Some important signs ( irregular P/V bleeding, bleeding after sex, vaginal white discharge) of this lethal gynecological cancer are often ignored by the women. This is the reason so many women get killed by this disease where if detected truly early it can be cured and even fertility can be preserved. To detect it early regular screening ( once in three years) is a very important. By the screening, we can detect it either before it become invasive cancer or in very early stage. At these early stage it is possible to do fertility preserving surgery and cut down in mortality.
Now we know that there are some virus (some strains of HPV) which play important role in cervical cancer development. These viruses can be transmitted either by sexual contact or other ways of transmission. All the girls should be aware of this fact and may be given vaccine which can prevent infection of some common strains of HPV. All of you should be the part of this awareness so that we do not lose many women at their prime age due to cervical cancer. Radiotherapy is the main way of treatment if detected later than stage1. Surgery should be done only in Stage 1 or stage 2A. A good gynecologist along with a oncologist will guide you if needed.


Endometrial cancer:
Endometrial cancer is the cancer of the linning of the womb. This mostly happens to the women at perimenopausal or menopausal age group. Risk factors include early menarche, late menopause, obesity, infertility, estrogen excess, hyperplasia of endometrium etc. Unfortunately there is NO screening method for early detection of this type of cancer.That is why any symptoms like heavy irregular bleeding after forty, bleeding after menopause, abnormal white discharge after menopause should be reported as early as possible to a gynecologist and to be investigated to rule out this cancer. If detected early, Hysterectomy with BSO will save you without the need of chemotherapy or radiotherapy.
Tubal cancer: This is a rare cancer and although similar to endometrial cancer behaves more virulently.
Ovarian cancer: Many types of cancers can happen in ovaries as different types of cells including stem cells are within the ovaries. Ovarian cancers are mostly seen at two periods of life. One is before a girl start menstruation and another is when menstruation is coming to an end.
No method of screening is considered ideal for this type of cancer. And most ovarian cancer first appear as a cyst in the ovary. RMI is scoring system for risk assessment.
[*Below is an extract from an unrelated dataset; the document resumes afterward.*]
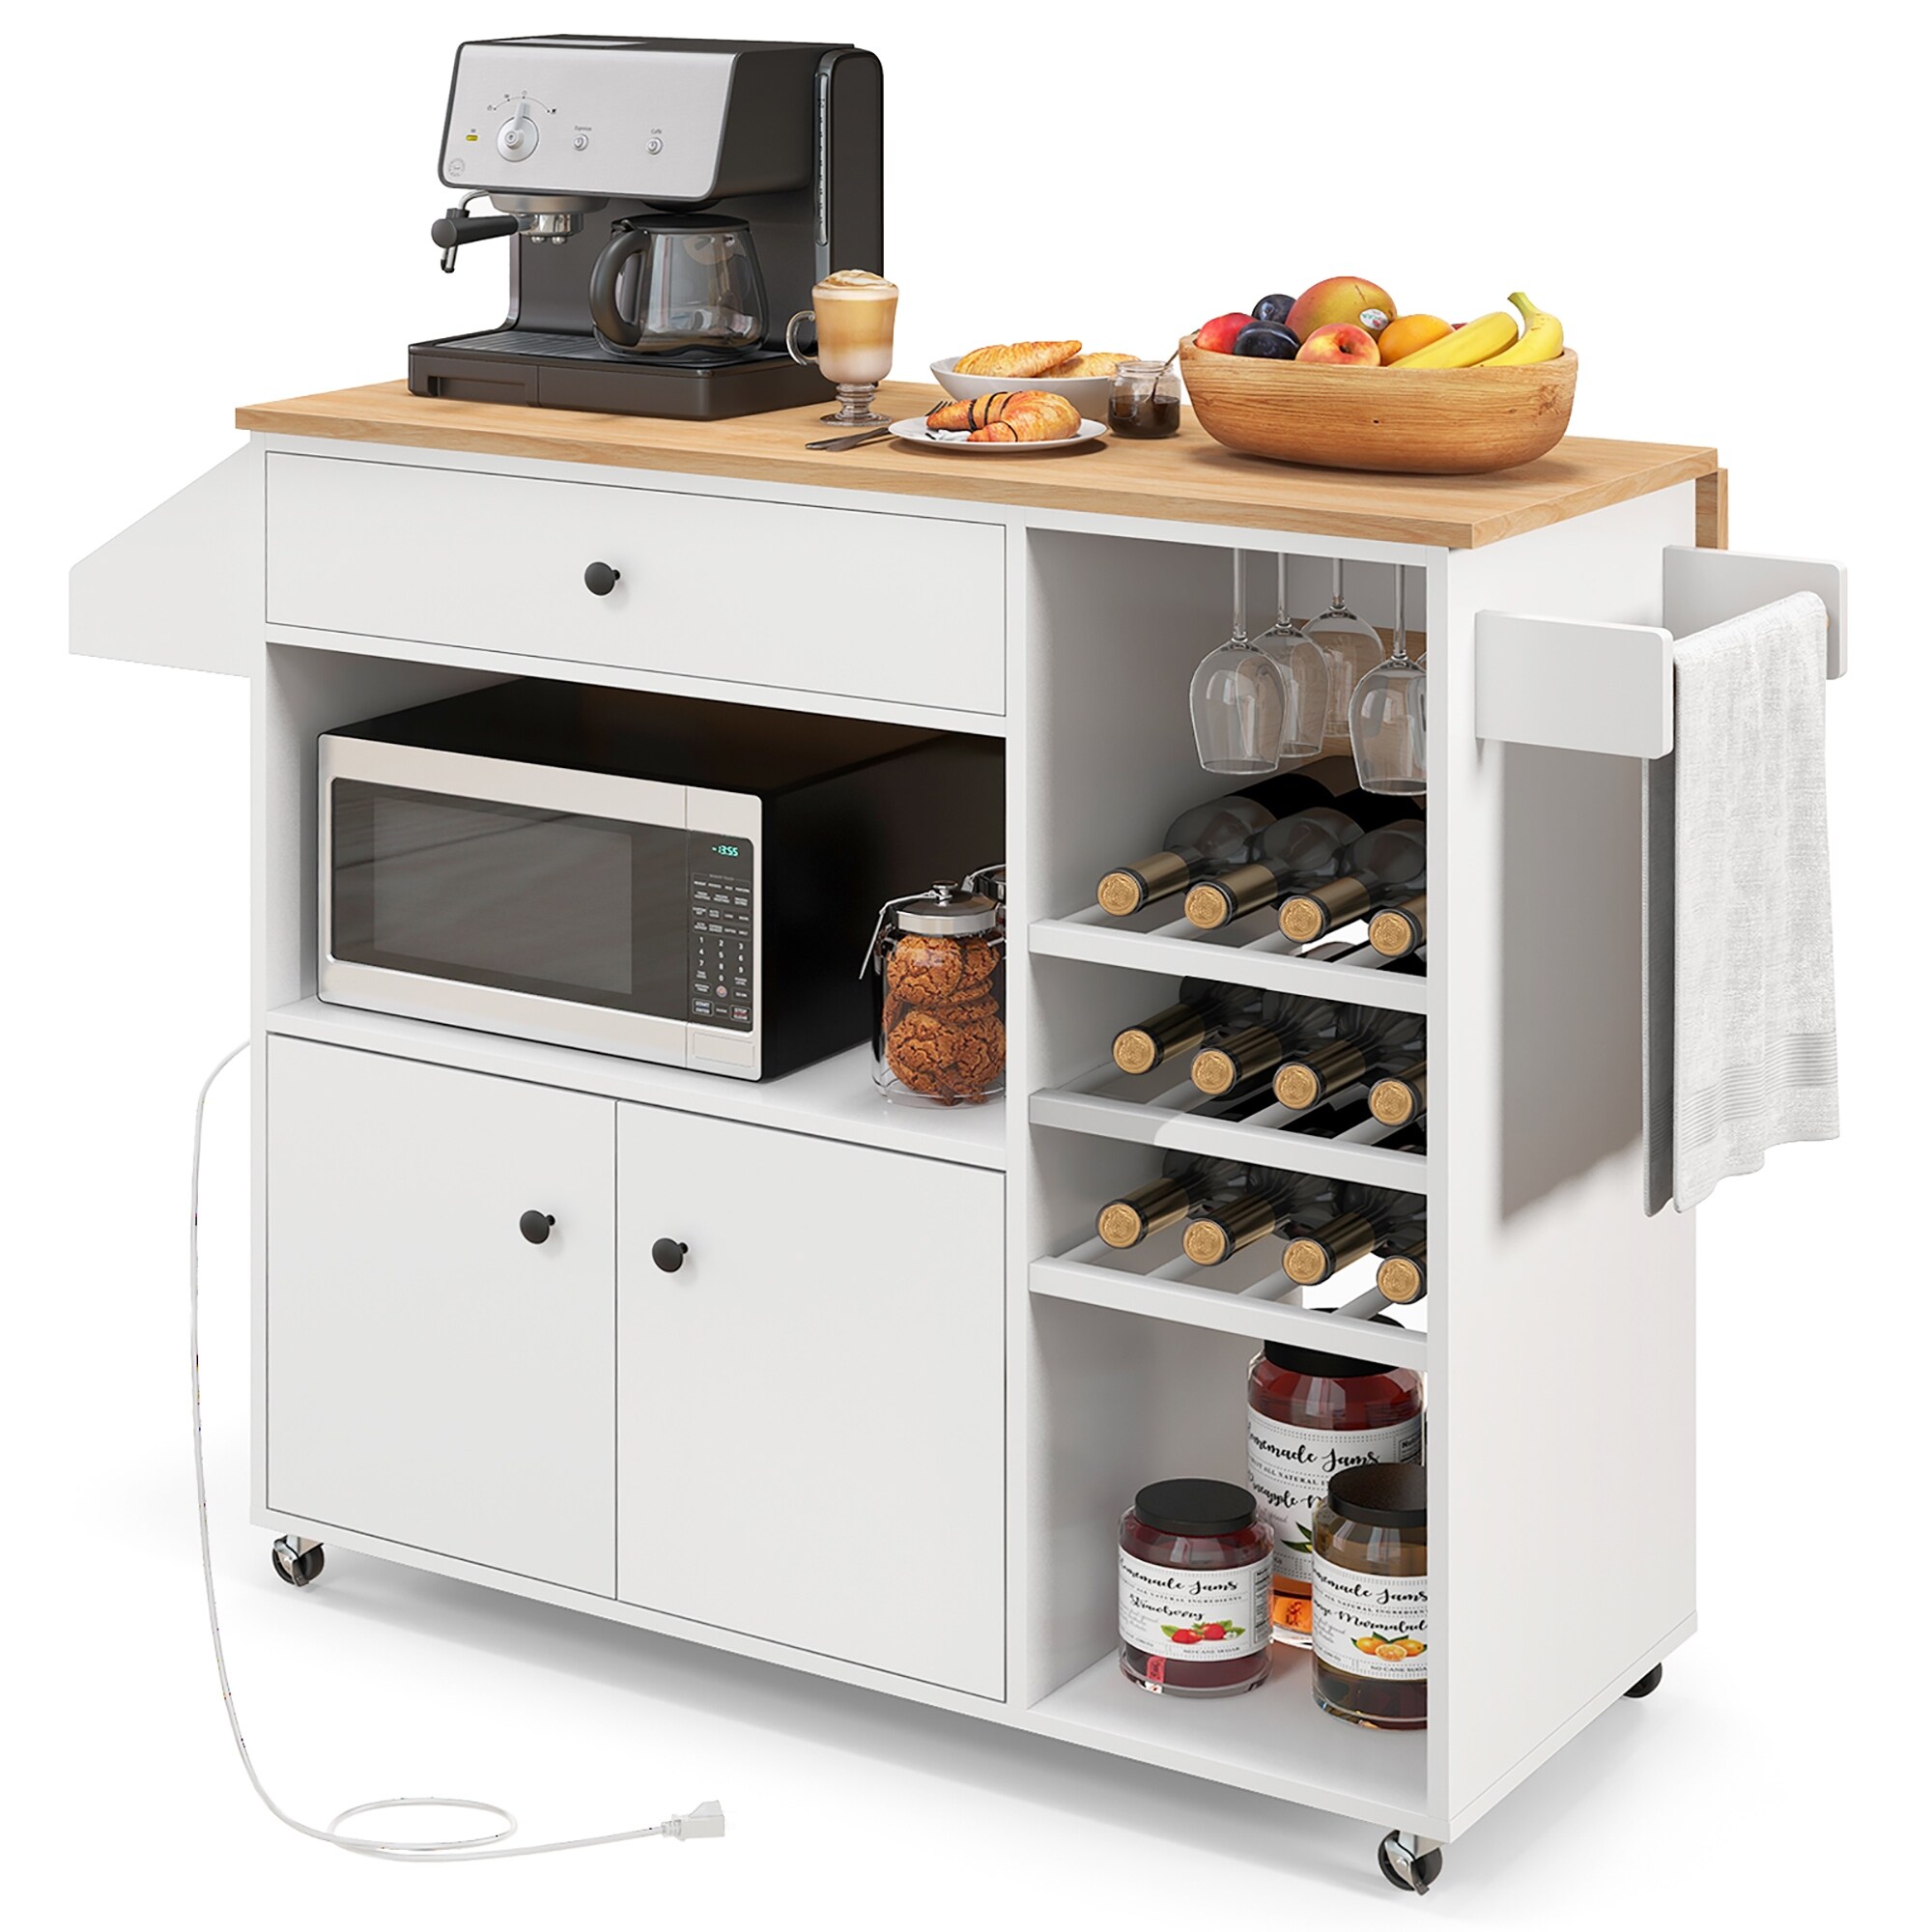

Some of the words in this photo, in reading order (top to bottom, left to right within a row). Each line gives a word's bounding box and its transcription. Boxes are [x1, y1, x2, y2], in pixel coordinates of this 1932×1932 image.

[1188, 1579, 1238, 1596] Jams
[1376, 1588, 1428, 1605] Jams
[1338, 1610, 1428, 1634] Marmalad
Clinical judgments from a good gynecologist is important.


Ovarian carcinoma
•Arise from ovarian or coelomic epithelium
•75% are serous and 20% are mucinous
•Risk factors include: ◦Advancing age
◦Nulliparity
◦Family history (BRCA1 and BRCA2)
◦Possibly fertility drugs

Clinical features •Clinical features are non-specific
•Early features include urinary frequency, abdominal discomfort
•Later features include distension, early satiety and anorexia
•Abdominal mass and ascites are late features

Staging
•Ovarian carcinoma spreads by three routes ◦Trans-coelomic
◦Lymphatic
◦Haematogenous
•The staging of the disease is surgical
•20-40% of patients are upstaged after surgical intervention

FIGO staging of ovarian cancer
•Stage 1 - Tumour limited to ovaries
•Stage 2 - Involvement of one or both ovaries with pelvic extension
•Stage 3 - Involvement of one or both ovaries with extension beyond the pelvis
•Stage 4 - Involvement of one or both ovaries with distant metastases
Treatment involves surgical optimal clearance with chemotherapy.